### Task to complete
Copy the entries below in full, keeping them exactly as they are.

Records drawn from a dataset:

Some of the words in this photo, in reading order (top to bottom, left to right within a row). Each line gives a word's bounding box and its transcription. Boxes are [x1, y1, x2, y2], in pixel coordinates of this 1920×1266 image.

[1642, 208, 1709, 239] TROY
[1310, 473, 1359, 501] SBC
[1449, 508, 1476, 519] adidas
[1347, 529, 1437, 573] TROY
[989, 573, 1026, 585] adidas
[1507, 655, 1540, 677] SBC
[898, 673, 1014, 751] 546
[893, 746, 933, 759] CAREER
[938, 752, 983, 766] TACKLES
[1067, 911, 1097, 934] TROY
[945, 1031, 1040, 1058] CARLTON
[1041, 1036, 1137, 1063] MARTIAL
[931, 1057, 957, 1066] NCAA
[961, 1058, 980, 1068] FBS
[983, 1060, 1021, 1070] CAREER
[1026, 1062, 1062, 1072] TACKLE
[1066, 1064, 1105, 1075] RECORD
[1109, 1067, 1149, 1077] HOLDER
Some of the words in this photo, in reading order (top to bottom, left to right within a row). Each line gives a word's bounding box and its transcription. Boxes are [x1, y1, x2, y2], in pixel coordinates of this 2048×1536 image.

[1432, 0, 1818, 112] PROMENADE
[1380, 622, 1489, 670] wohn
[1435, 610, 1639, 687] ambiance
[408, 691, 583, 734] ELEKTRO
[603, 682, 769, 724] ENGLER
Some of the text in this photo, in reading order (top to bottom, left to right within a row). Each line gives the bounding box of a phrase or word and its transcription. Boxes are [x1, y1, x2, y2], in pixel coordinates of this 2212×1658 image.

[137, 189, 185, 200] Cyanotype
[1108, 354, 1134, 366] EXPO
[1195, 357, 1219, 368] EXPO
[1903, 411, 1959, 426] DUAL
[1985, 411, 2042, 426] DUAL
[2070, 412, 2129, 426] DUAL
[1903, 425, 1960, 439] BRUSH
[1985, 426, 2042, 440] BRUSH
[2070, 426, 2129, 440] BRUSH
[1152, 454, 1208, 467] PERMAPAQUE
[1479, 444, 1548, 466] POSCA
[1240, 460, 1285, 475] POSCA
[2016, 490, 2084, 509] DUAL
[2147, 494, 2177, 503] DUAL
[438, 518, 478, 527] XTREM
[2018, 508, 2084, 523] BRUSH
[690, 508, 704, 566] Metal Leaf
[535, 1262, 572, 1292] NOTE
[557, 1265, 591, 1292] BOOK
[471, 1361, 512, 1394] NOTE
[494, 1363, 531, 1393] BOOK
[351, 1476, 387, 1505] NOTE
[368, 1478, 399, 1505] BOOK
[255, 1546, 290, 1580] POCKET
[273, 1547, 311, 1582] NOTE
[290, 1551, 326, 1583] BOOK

### Completed exercise
Some of the words in this photo, in reading order (top to bottom, left to right within a row). Each line gives a word's bounding box and its transcription. Boxes are [x1, y1, x2, y2], in pixel coordinates of this 1920×1266 image.

[1642, 208, 1709, 239] TROY
[1310, 473, 1359, 501] SBC
[1449, 508, 1476, 519] adidas
[1347, 529, 1437, 573] TROY
[989, 573, 1026, 585] adidas
[1507, 655, 1540, 677] SBC
[898, 673, 1014, 751] 546
[893, 746, 933, 759] CAREER
[938, 752, 983, 766] TACKLES
[1067, 911, 1097, 934] TROY
[945, 1031, 1040, 1058] CARLTON
[1041, 1036, 1137, 1063] MARTIAL
[931, 1057, 957, 1066] NCAA
[961, 1058, 980, 1068] FBS
[983, 1060, 1021, 1070] CAREER
[1026, 1062, 1062, 1072] TACKLE
[1066, 1064, 1105, 1075] RECORD
[1109, 1067, 1149, 1077] HOLDER
Some of the words in this photo, in reading order (top to bottom, left to right within a row). Each line gives a word's bounding box and its transcription. Boxes are [x1, y1, x2, y2], in pixel coordinates of this 2048×1536 image.

[1432, 0, 1818, 112] PROMENADE
[1380, 622, 1489, 670] wohn
[1435, 610, 1639, 687] ambiance
[408, 691, 583, 734] ELEKTRO
[603, 682, 769, 724] ENGLER
Some of the text in this photo, in reading order (top to bottom, left to right within a row). Each line gives the bounding box of a phrase or word and its transcription. Boxes are [x1, y1, x2, y2], in pixel coordinates of this 2212×1658 image.

[137, 189, 185, 200] Cyanotype
[1108, 354, 1134, 366] EXPO
[1195, 357, 1219, 368] EXPO
[1903, 411, 1959, 426] DUAL
[1985, 411, 2042, 426] DUAL
[2070, 412, 2129, 426] DUAL
[1903, 425, 1960, 439] BRUSH
[1985, 426, 2042, 440] BRUSH
[2070, 426, 2129, 440] BRUSH
[1152, 454, 1208, 467] PERMAPAQUE
[1479, 444, 1548, 466] POSCA
[1240, 460, 1285, 475] POSCA
[2016, 490, 2084, 509] DUAL
[2147, 494, 2177, 503] DUAL
[438, 518, 478, 527] XTREM
[2018, 508, 2084, 523] BRUSH
[690, 508, 704, 566] Metal Leaf
[535, 1262, 572, 1292] NOTE
[557, 1265, 591, 1292] BOOK
[471, 1361, 512, 1394] NOTE
[494, 1363, 531, 1393] BOOK
[351, 1476, 387, 1505] NOTE
[368, 1478, 399, 1505] BOOK
[255, 1546, 290, 1580] POCKET
[273, 1547, 311, 1582] NOTE
[290, 1551, 326, 1583] BOOK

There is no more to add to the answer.